Suppose I have a character like this:

Note that the model is not actually made from voxels, it’s just a normal mesh which is textured to give the impression.
Now, this little knight should explode into a colorful shower of tiny voxels;
So far, I have tried the folowing:
1.) Create a “voxelized” version of the model beforehand as a prefab. This would be a bunch of tiny cubes with rigidbodies and colliders. Then, AddExplosionForce is used with each cube.
Pro: Accurate collisions and nice bouncy-bouncy effect
Downside: pretty laggy when instantiated more than ~20 cubes at a time because I have to loop through each and add the explosion force.

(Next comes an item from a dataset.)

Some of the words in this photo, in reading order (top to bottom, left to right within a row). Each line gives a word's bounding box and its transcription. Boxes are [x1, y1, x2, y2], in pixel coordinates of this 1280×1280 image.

2.) Instantiate a ParticleSystem with pre-defined colors and tiny cubes as the particles’ mesh.
Pro: Fast
Downside: The collision detection with mesh particles is not collider-based, so the collision only registers at the particle’s center point. This makes all the cubes lie on the ground halfway sunken in. Particles don’t behave realistically on collision (no rotation for example).

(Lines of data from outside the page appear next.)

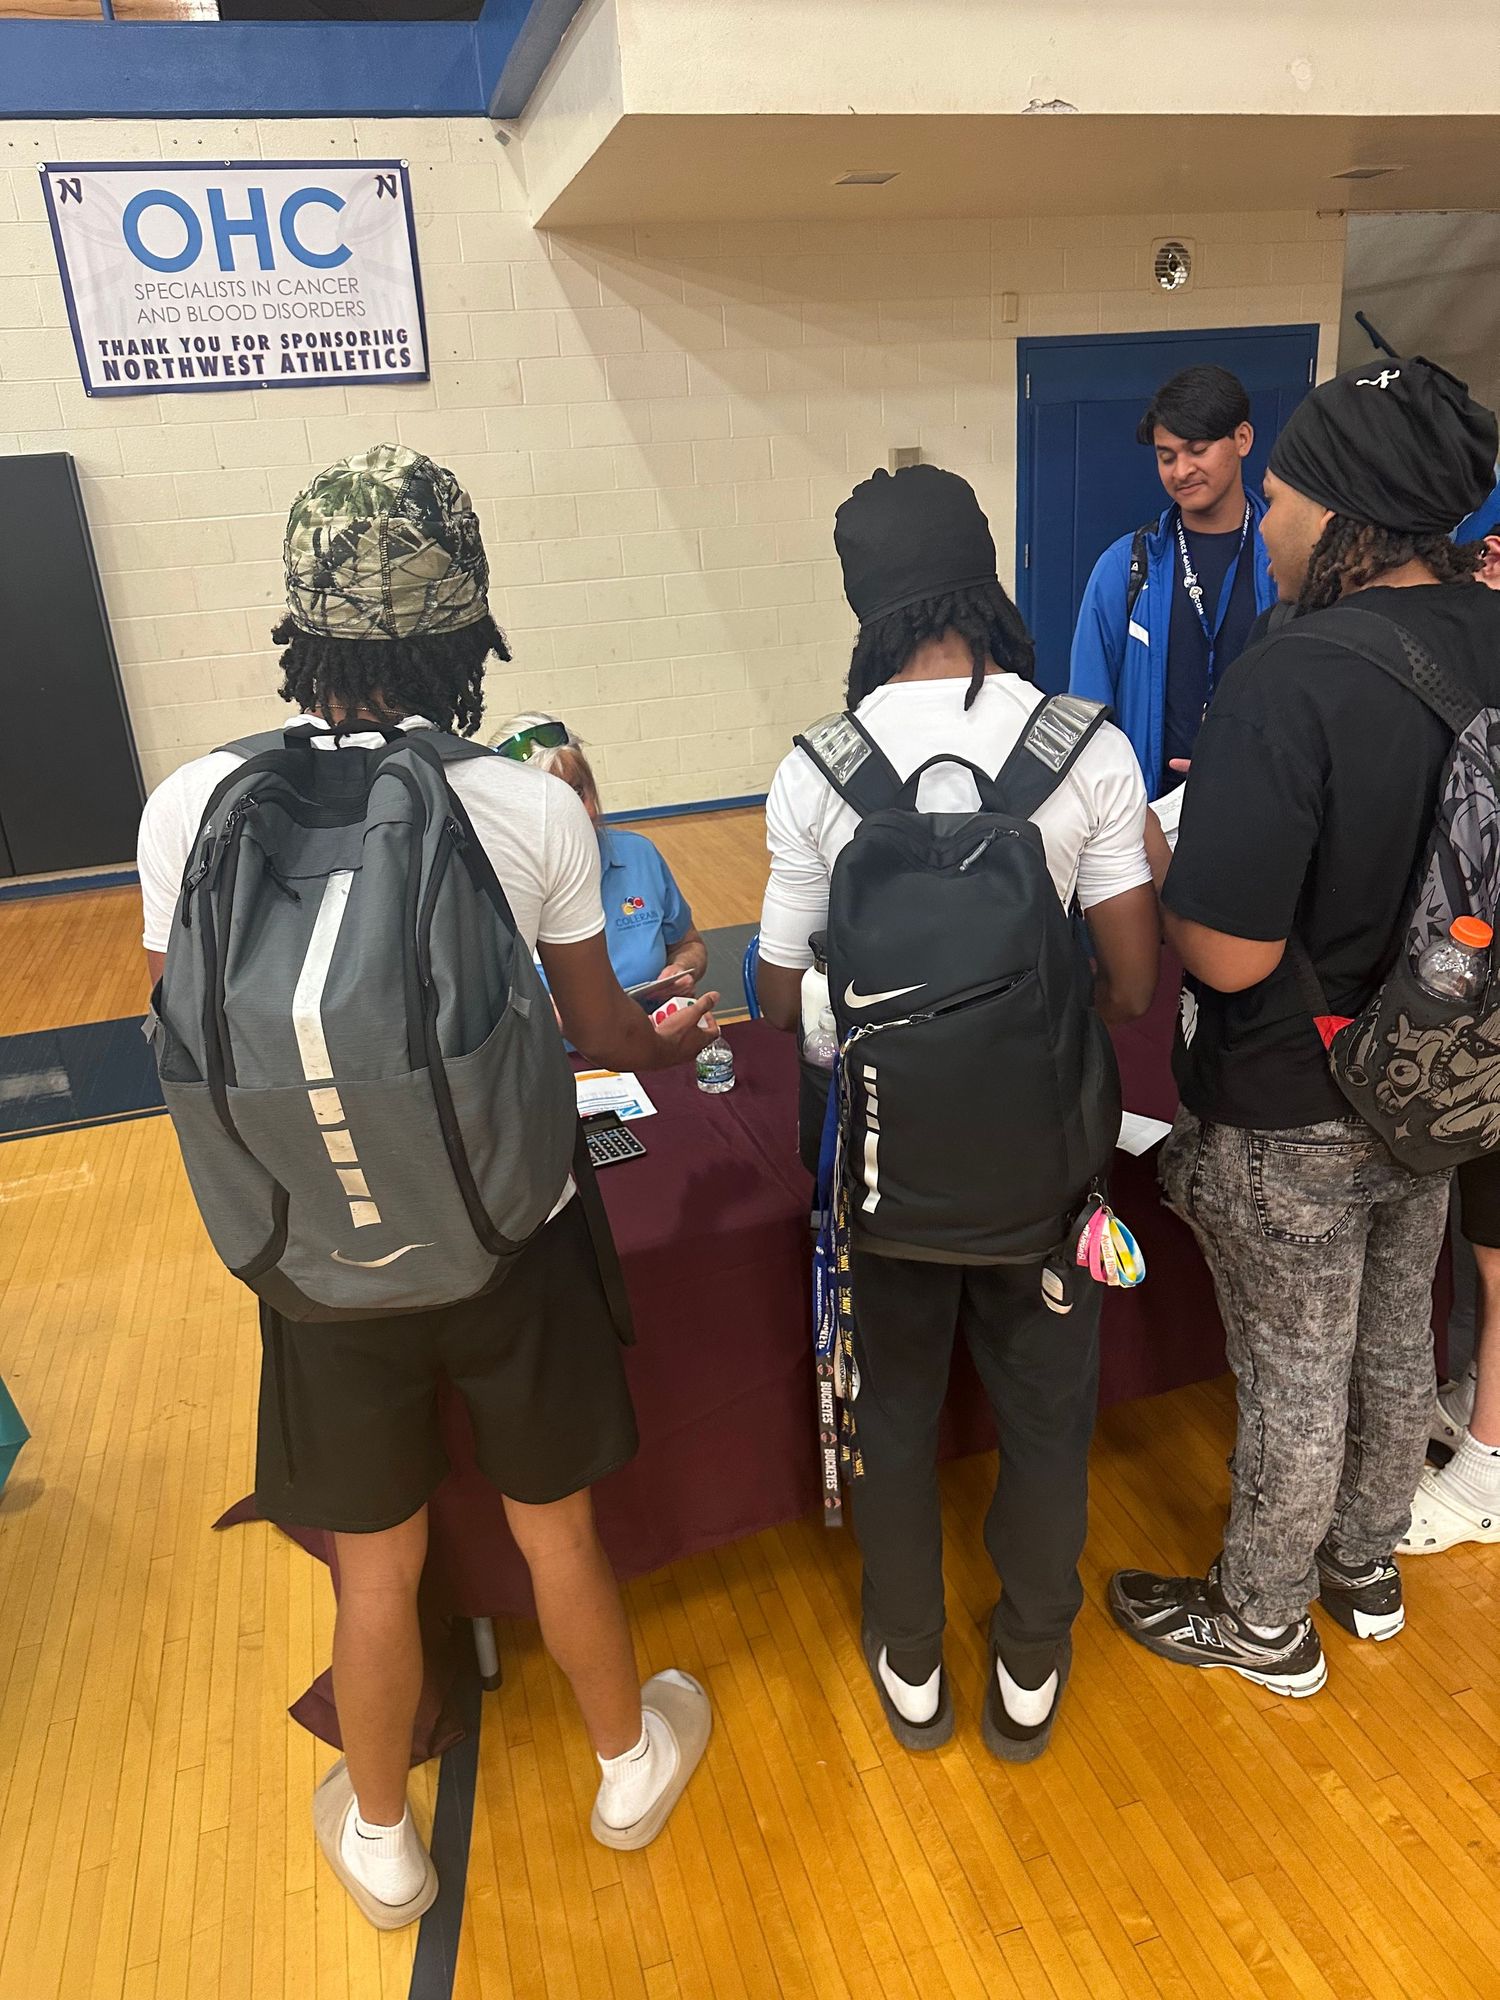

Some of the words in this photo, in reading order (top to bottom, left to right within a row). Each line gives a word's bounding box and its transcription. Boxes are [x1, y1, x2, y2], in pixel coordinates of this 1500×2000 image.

[56, 177, 83, 204] N
[373, 174, 398, 200] N
[122, 186, 353, 273] OHC
[134, 280, 246, 301] SPECIALISTS
[251, 279, 271, 297] IN
[277, 277, 360, 296] CANCER
[136, 305, 181, 325] AND
[188, 303, 257, 322] BLOOD
[264, 300, 366, 320] DISORDERS
[98, 336, 171, 357] THANK
[179, 335, 224, 354] YOU
[232, 333, 271, 351] FOR
[280, 328, 409, 350] SPONSORING
[103, 354, 267, 381] NORTHWEST
[280, 347, 412, 374] ATHLETICS
[1178, 530, 1188, 554] FORCE
[1101, 1234, 1114, 1259] Avoid
[840, 1254, 850, 1272] NAVY
[842, 1297, 852, 1315] NAVY
[845, 1339, 853, 1357] NAVY
[820, 1381, 833, 1424] BUCKEYES
[824, 1448, 837, 1490] BUCKEYES
[1187, 1614, 1224, 1648] N

Are there any other ways I’m not aware of, or ways to make the two methods better?
As you mention, create an “explosion” version with many cubes making roughly the shape. Then simply add a sphere collider at the right time and leave on for around 0.2 seconds. I have used this and looks great and runs well on mobile. You will need to position and size the sphere collider right for best effect. Also, move the explosion pieces around a bit to tweak for the best effect. You will need a rigidbody and box collider attached to each of the explosion pieces.

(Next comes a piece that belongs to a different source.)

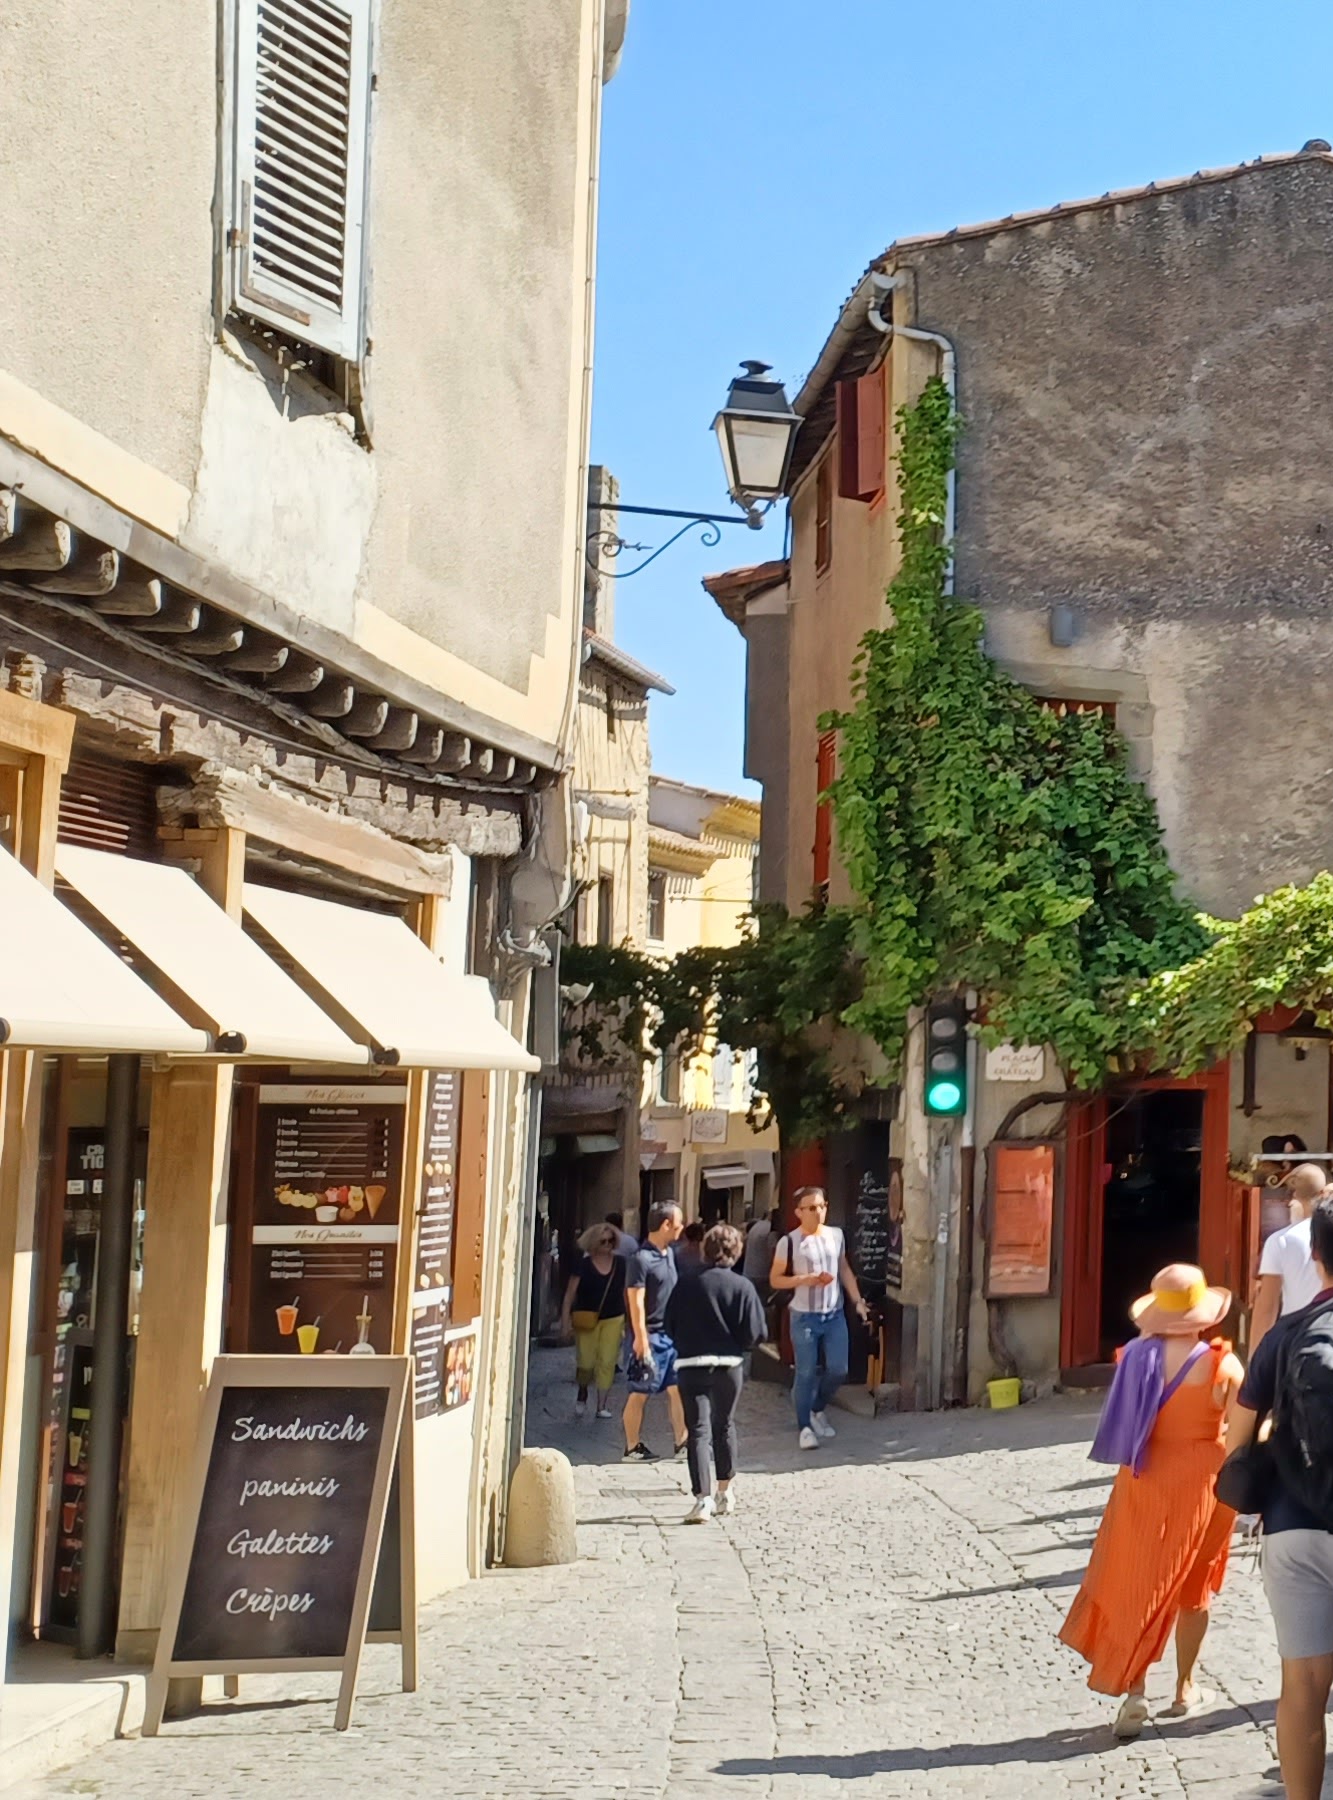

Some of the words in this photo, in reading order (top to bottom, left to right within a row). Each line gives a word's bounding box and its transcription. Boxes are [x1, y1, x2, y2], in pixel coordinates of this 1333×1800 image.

I also created object pooling for these grand explosions. This was more complicated but if you are interested please let me know. If you have lots of these explosions going off you should definitely look into this. Basically I create a master of the original explosion before and then when recycling my object I reset the position and rotation of all the pieces. This was a lot more complicated than object pooling for a simple object.
If you go with route #1, unless it’s absolutely necessary to have per-cube collision detection (which I would doubt), I would simply put box colliders (maybe 1 on his body, and 1 on each arm) on the prefab and detect collision via those.
When it collides and needs to explode, just Destroy() that original character prefab GameObject and instantiate a particle system of cubes in it’s place.